Friday, November 18, 2011

Queen Mary's Needlework Guild Badge

As those of my readers who are fellow graduate students might know, we are subject to the vicissitudes of dissertation research--the "dissertissitudes," if you will, of writing, research, and editing--and whole weeks are known to pass whilst emails go unanswered and blogs go un-updated, among other things, when the tide turns suddenly and the dissertation takes control of one's life. This past week I have been refining a chapter about the New Biographers, adding details about our friend Geoffrey Malins and his amazing memoir (truly, one of the most fascinating ones I've read) and making other changes. It is a slow battle but I feel confident that the victory flag will be raised (hopefully later today!) and the chapter will be done! Until it must be revised again, that is.

I wanted to post briefly today to add a little to my earlier post about knitting in the Great War. I have recently acquired a darling badge that once belonged to an official in the Queen Mary's Needlework Guild. It looks like this one at the Aberdeen Art Gallery and Museum:

Queen Mary's Needlework Guild Badge, 1914. Aberdeen Art Gallery and Museum.

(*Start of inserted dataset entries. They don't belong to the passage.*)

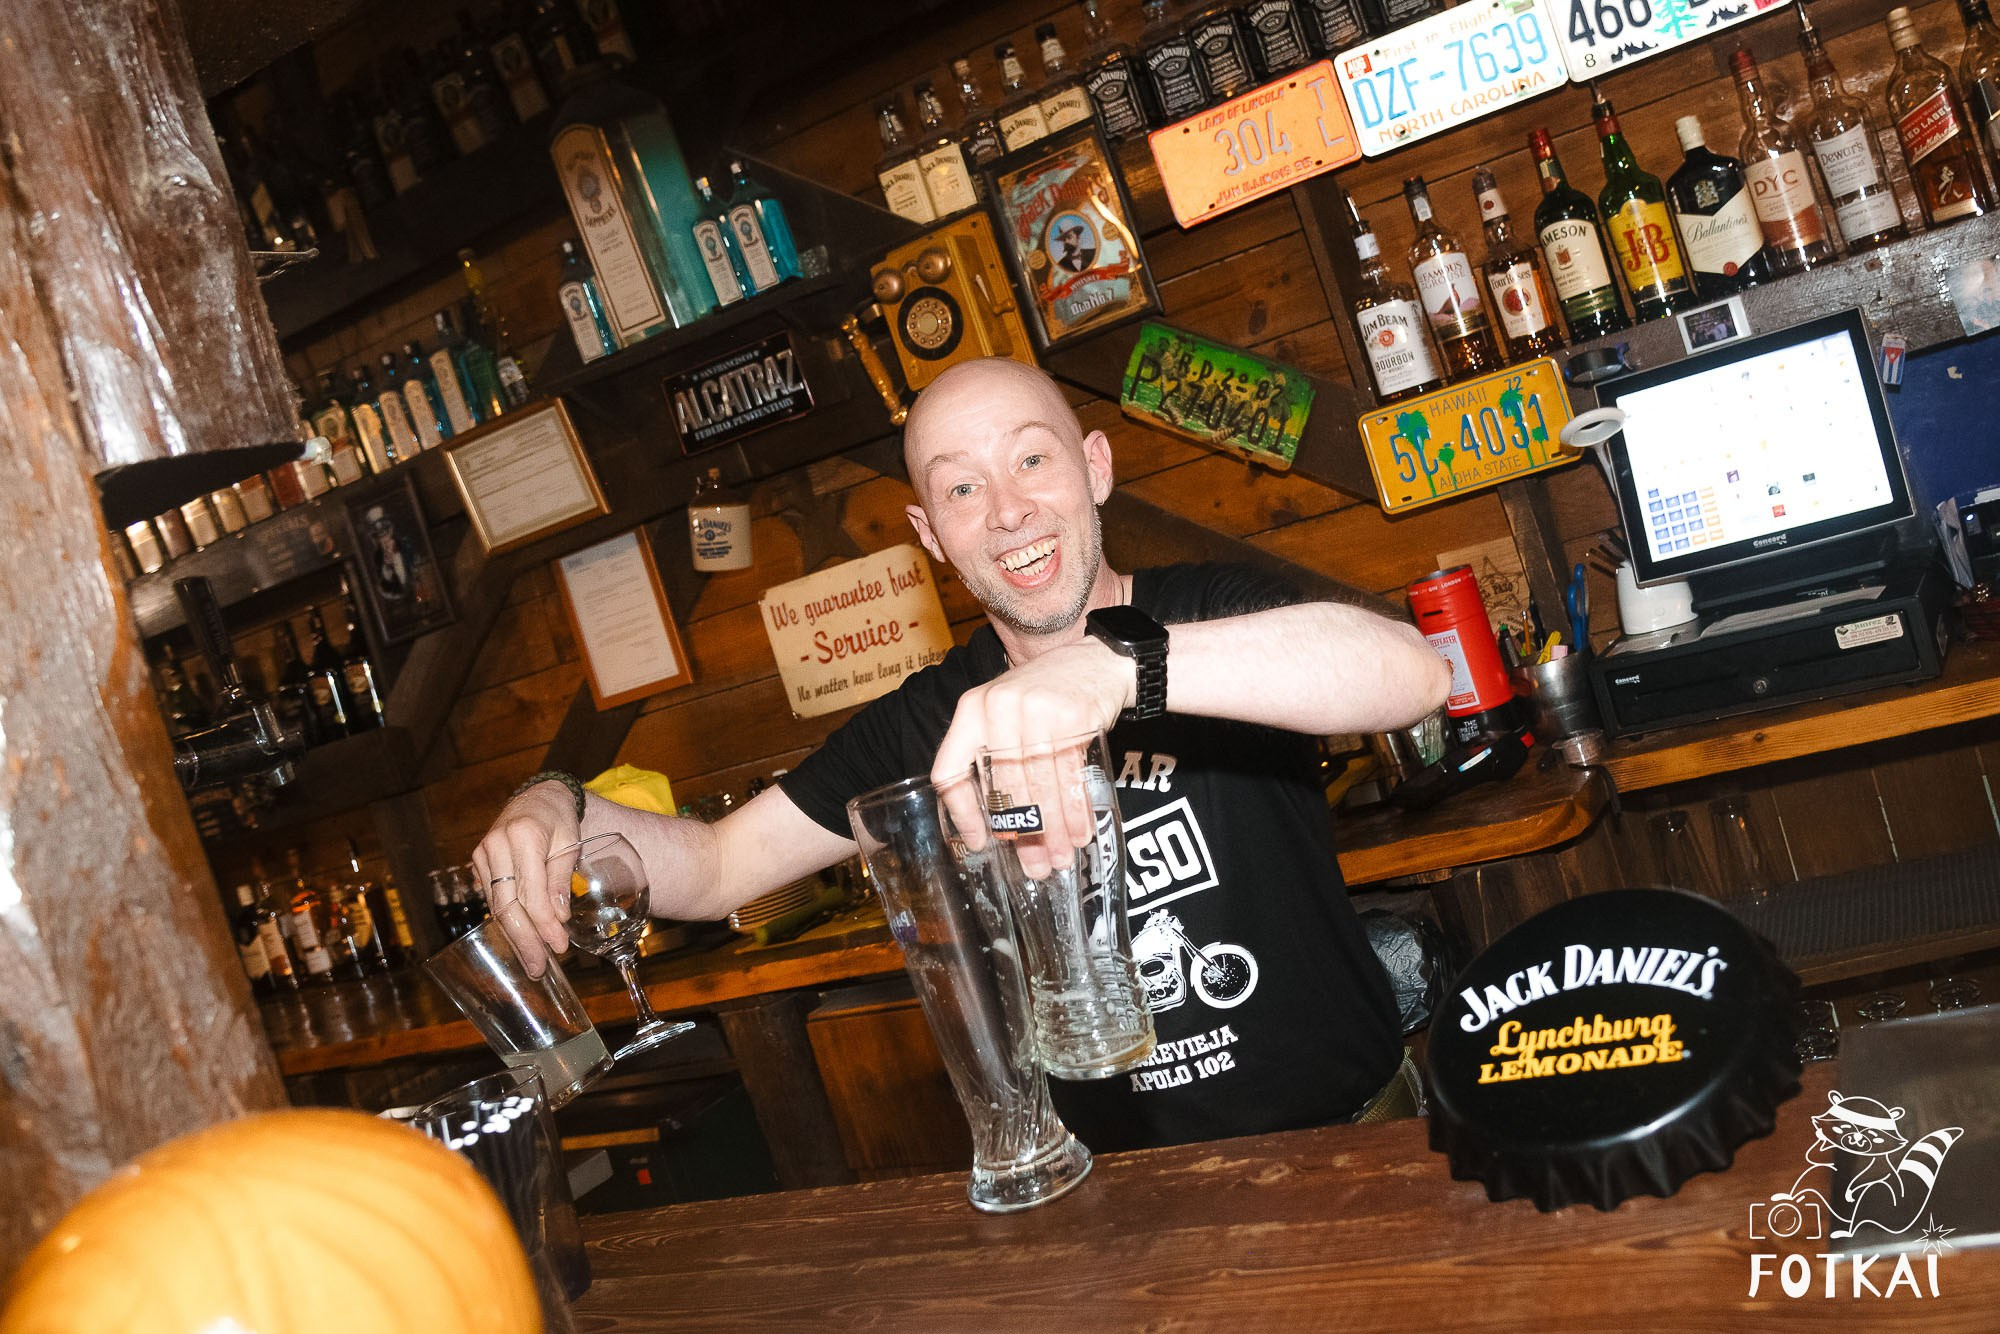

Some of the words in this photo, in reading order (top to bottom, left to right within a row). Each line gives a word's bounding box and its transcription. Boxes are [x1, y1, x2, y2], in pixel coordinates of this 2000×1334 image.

[1148, 53, 1164, 71] JACK
[1162, 46, 1190, 58] DANIEL'S
[1352, 12, 1548, 129] DZF-7639
[1584, 53, 1597, 68] 8
[1198, 113, 1225, 132] LAND
[1227, 105, 1240, 120] OF
[1241, 87, 1284, 113] LINCOLN
[1379, 108, 1444, 144] NORTH
[1451, 71, 1546, 117] CAROLINA
[1215, 110, 1293, 176] 304
[1820, 143, 1864, 166] Dewar's
[1242, 164, 1292, 192] ILLINOIS
[1753, 169, 1798, 197] DYC
[1623, 223, 1670, 272] J&B
[1686, 213, 1748, 245] Ballantine's
[1362, 321, 1379, 341] JIM
[1377, 313, 1409, 328] BEAM
[1374, 351, 1415, 373] BOURBON
[675, 349, 804, 435] ALCATRAZ
[1429, 386, 1488, 418] HAWAII
[1504, 375, 1523, 392] 72
[694, 419, 732, 440] FEDERAL
[732, 397, 794, 426] PENITENTIARY
[1439, 466, 1482, 490] ALOHA
[1484, 455, 1522, 476] STATE
[1753, 533, 1787, 547] Concord
[769, 602, 800, 631] We
[804, 579, 885, 627] guarantee
[887, 561, 925, 597] fast
[814, 618, 904, 666] Service
[797, 686, 811, 703] No
[814, 677, 849, 698] matter
[852, 669, 874, 687] how
[877, 662, 901, 680] long
[905, 655, 914, 670] it
[1116, 751, 1177, 793] AR
[1460, 960, 1560, 1033] JACK
[1562, 944, 1728, 997] DANIEL'S
[1489, 1013, 1677, 1063] Lynchburg
[1129, 1064, 1193, 1092] APOLO
[1194, 1051, 1236, 1079] 102
[1477, 1039, 1684, 1084] LEMONADE

As an avid needlewoman, currently engaged in one of the biggest knitting projects I've ever done, it makes me happy to own a little piece of history that signified another woman's pride and sense of purpose in her needlework and service. I don't have, currently, any details about the original owner of my badge, but I will try to do a bit of research and will share what I gather.

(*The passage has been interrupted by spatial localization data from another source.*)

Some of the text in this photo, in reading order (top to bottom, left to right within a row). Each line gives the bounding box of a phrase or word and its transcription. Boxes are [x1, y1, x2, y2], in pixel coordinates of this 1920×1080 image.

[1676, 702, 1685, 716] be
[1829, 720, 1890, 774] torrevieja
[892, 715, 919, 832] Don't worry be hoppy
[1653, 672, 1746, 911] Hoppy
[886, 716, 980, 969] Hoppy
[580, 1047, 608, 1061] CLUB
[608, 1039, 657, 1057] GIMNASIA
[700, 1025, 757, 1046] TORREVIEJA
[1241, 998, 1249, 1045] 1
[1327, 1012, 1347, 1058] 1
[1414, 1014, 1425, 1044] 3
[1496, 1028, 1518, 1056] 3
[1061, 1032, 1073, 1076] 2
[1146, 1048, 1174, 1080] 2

I do know that the badge is one that would have been purchased and worn by an official in the Guild. Regular members could purchase and wear a simpler but still elegant badge. So the woman who first wore the badge I now own would have been a leader of some sort in her community. She would have likely organized other members and solicited contributions from knitters and sewers in the area. No doubt, the beautiful little badge was pinned proudly on her coat or dress, and transformed her outfit into a sort of civilian's uniform. 

The badges were still in use through the 1950s, as far as I've been able to find out. The design changed slightly (the "M.R." initials were altered into an intertwining arrangement) sometime after the Great War, but the Guild's mission remained the same. Today, it is known as the Queen Mother's Clothing Guild.

Well, that is all for this morning. Happy knitting or sewing to my fellow needlepeople and happy writing to my fellow graduate students. Join us again at "Ghosts of 1914," where I shall be posting soon about the Indian homefront in the Great War.